**TASK GOAL**
Give the records again. Keep them exact and leave out the images.

**DATASET EXCERPTS**
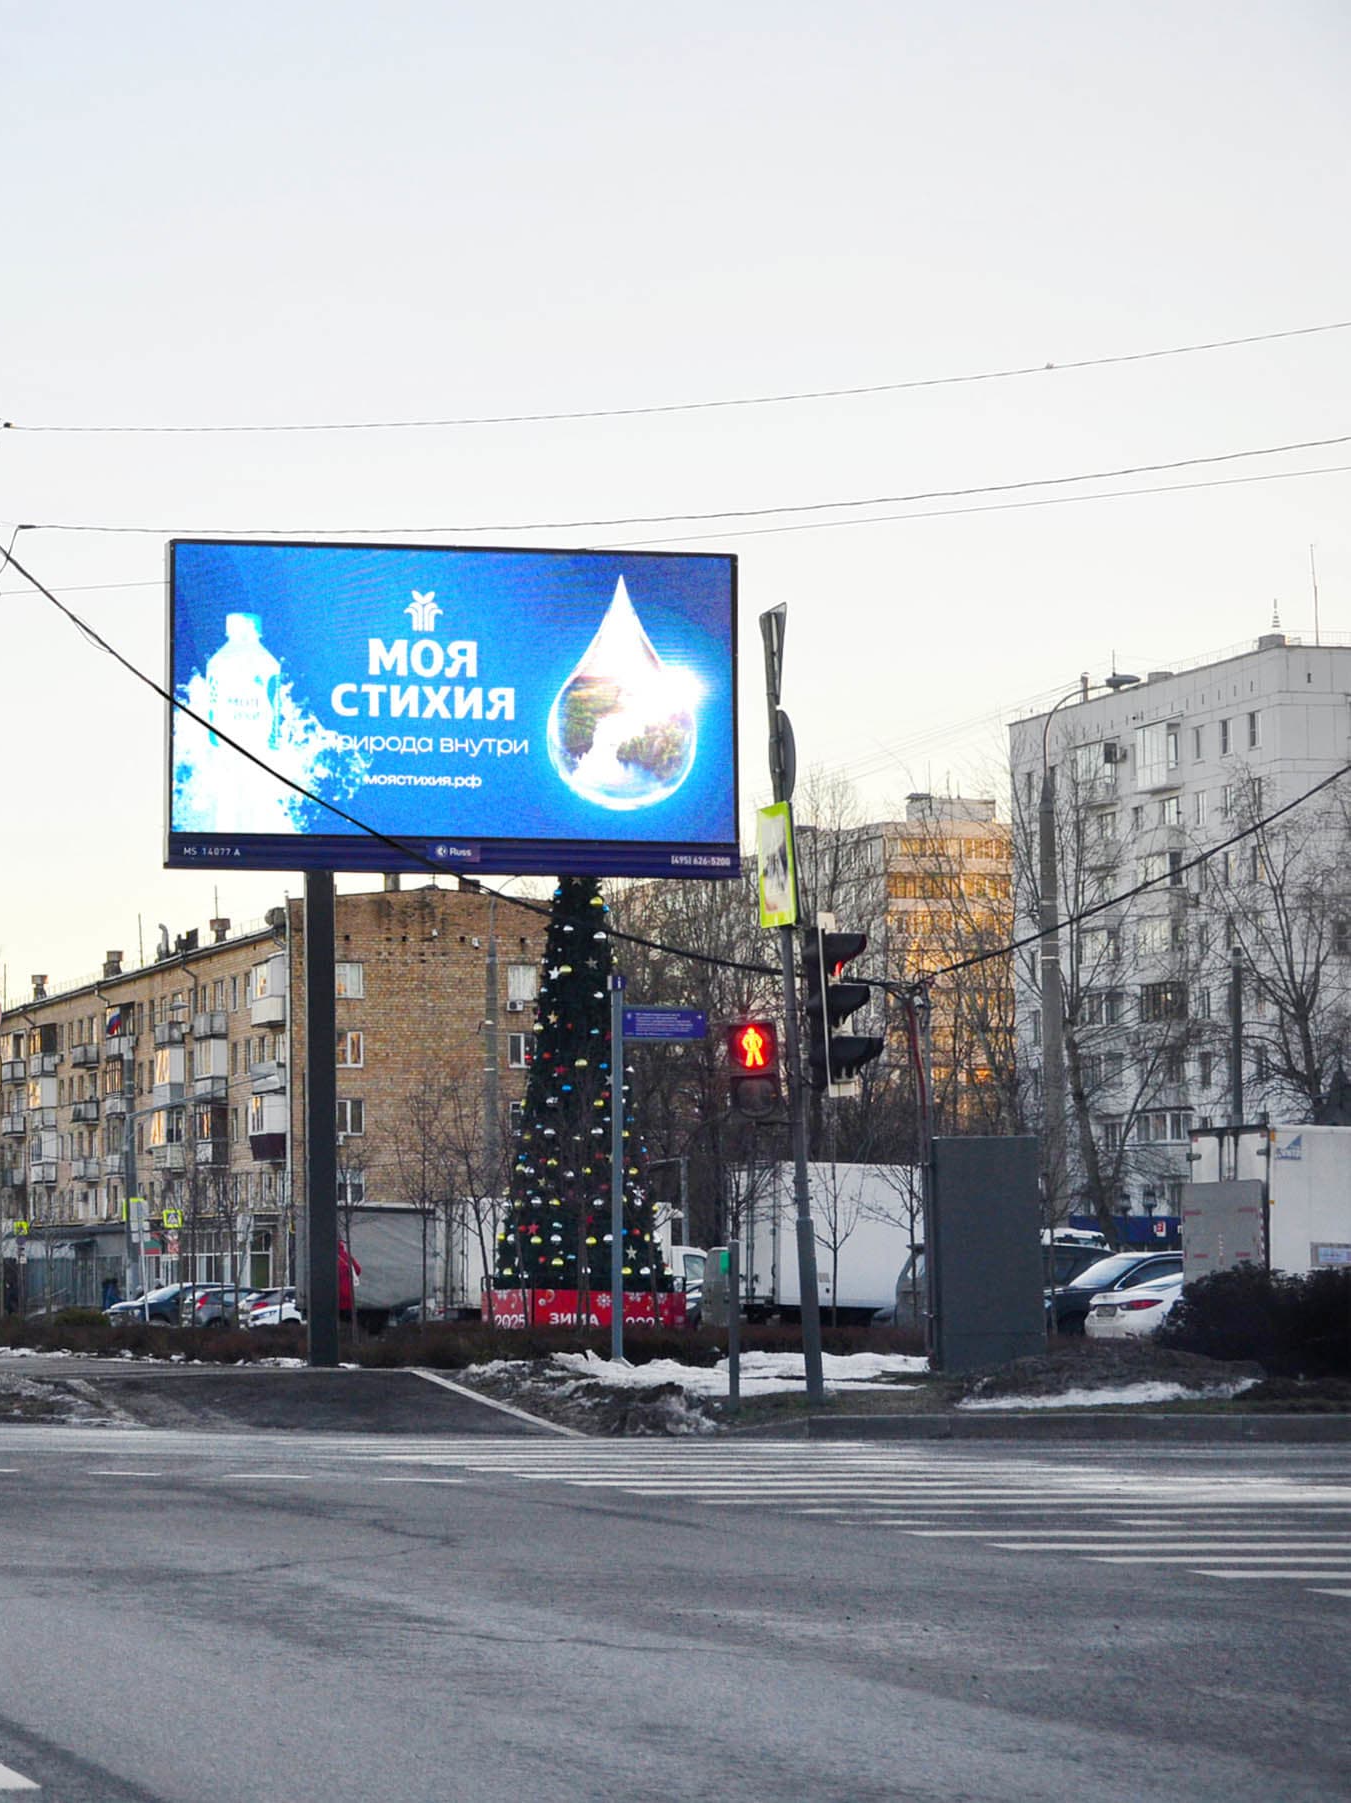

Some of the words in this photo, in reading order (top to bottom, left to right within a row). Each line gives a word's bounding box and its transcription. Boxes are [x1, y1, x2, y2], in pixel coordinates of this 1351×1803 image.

[367, 638, 478, 678] МОЯ
[330, 683, 516, 720] СТИХИЯ
[322, 734, 434, 755] рирода
[439, 737, 530, 757] внутри
[364, 774, 483, 789] моястихия.рф
[201, 847, 231, 856] 14077
[449, 847, 472, 857] Russ
[494, 1314, 525, 1329] 2025
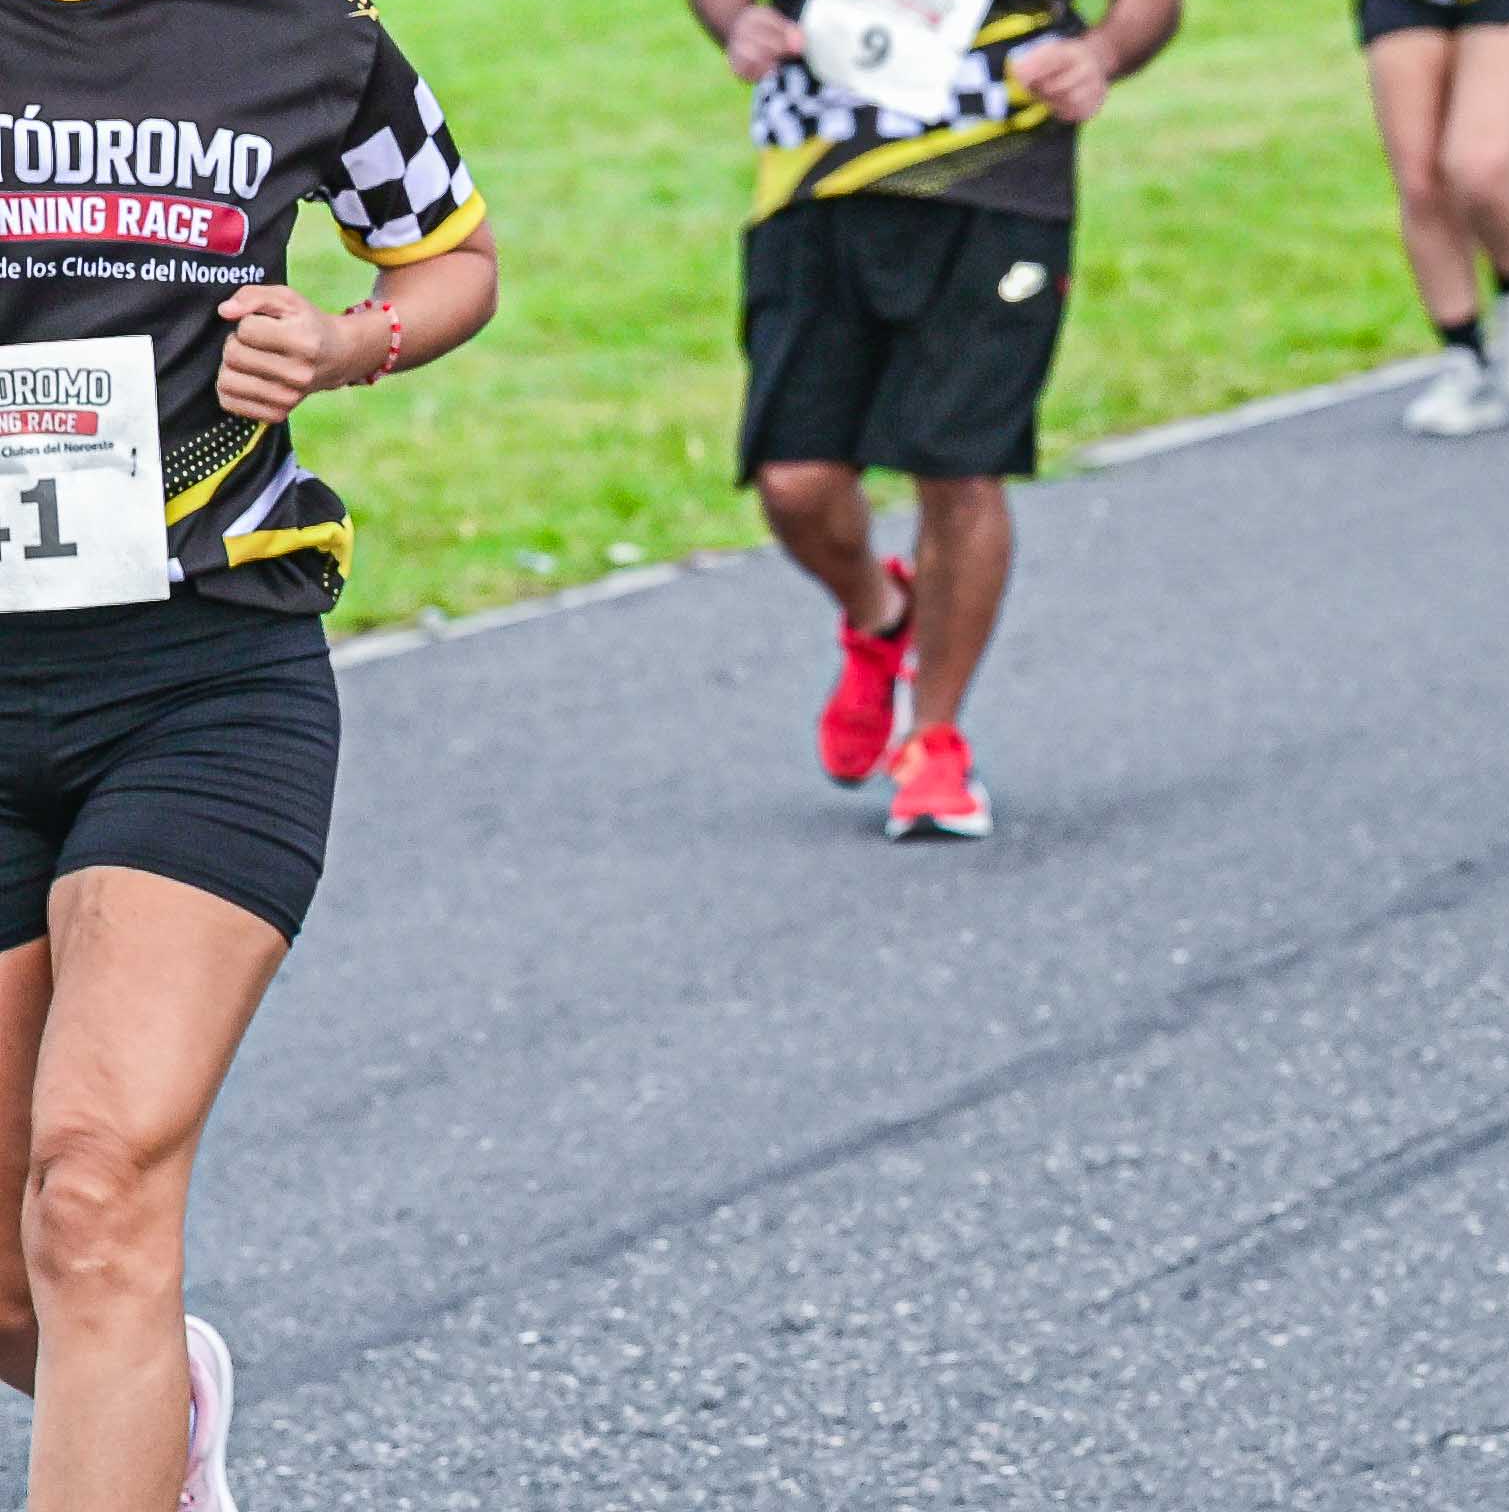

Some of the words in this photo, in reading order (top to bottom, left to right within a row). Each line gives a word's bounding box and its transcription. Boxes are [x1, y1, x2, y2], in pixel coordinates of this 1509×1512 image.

**EXPECTED OUTPUT**
Some of the words in this photo, in reading order (top to bottom, left to right within a row). Each line gives a word's bounding box and its transcription. Boxes are [x1, y1, x2, y2], in pixel coordinates of this 1351×1803 image.

[367, 638, 478, 678] МОЯ
[330, 683, 516, 720] СТИХИЯ
[322, 734, 434, 755] рирода
[439, 737, 530, 757] внутри
[364, 774, 483, 789] моястихия.рф
[201, 847, 231, 856] 14077
[449, 847, 472, 857] Russ
[494, 1314, 525, 1329] 2025

Some of the words in this photo, in reading order (top to bottom, left to right within a row). Each line gives a word's bounding box and its transcription. Boxes are [x1, y1, x2, y2], in pixel coordinates of this 1509×1512 image.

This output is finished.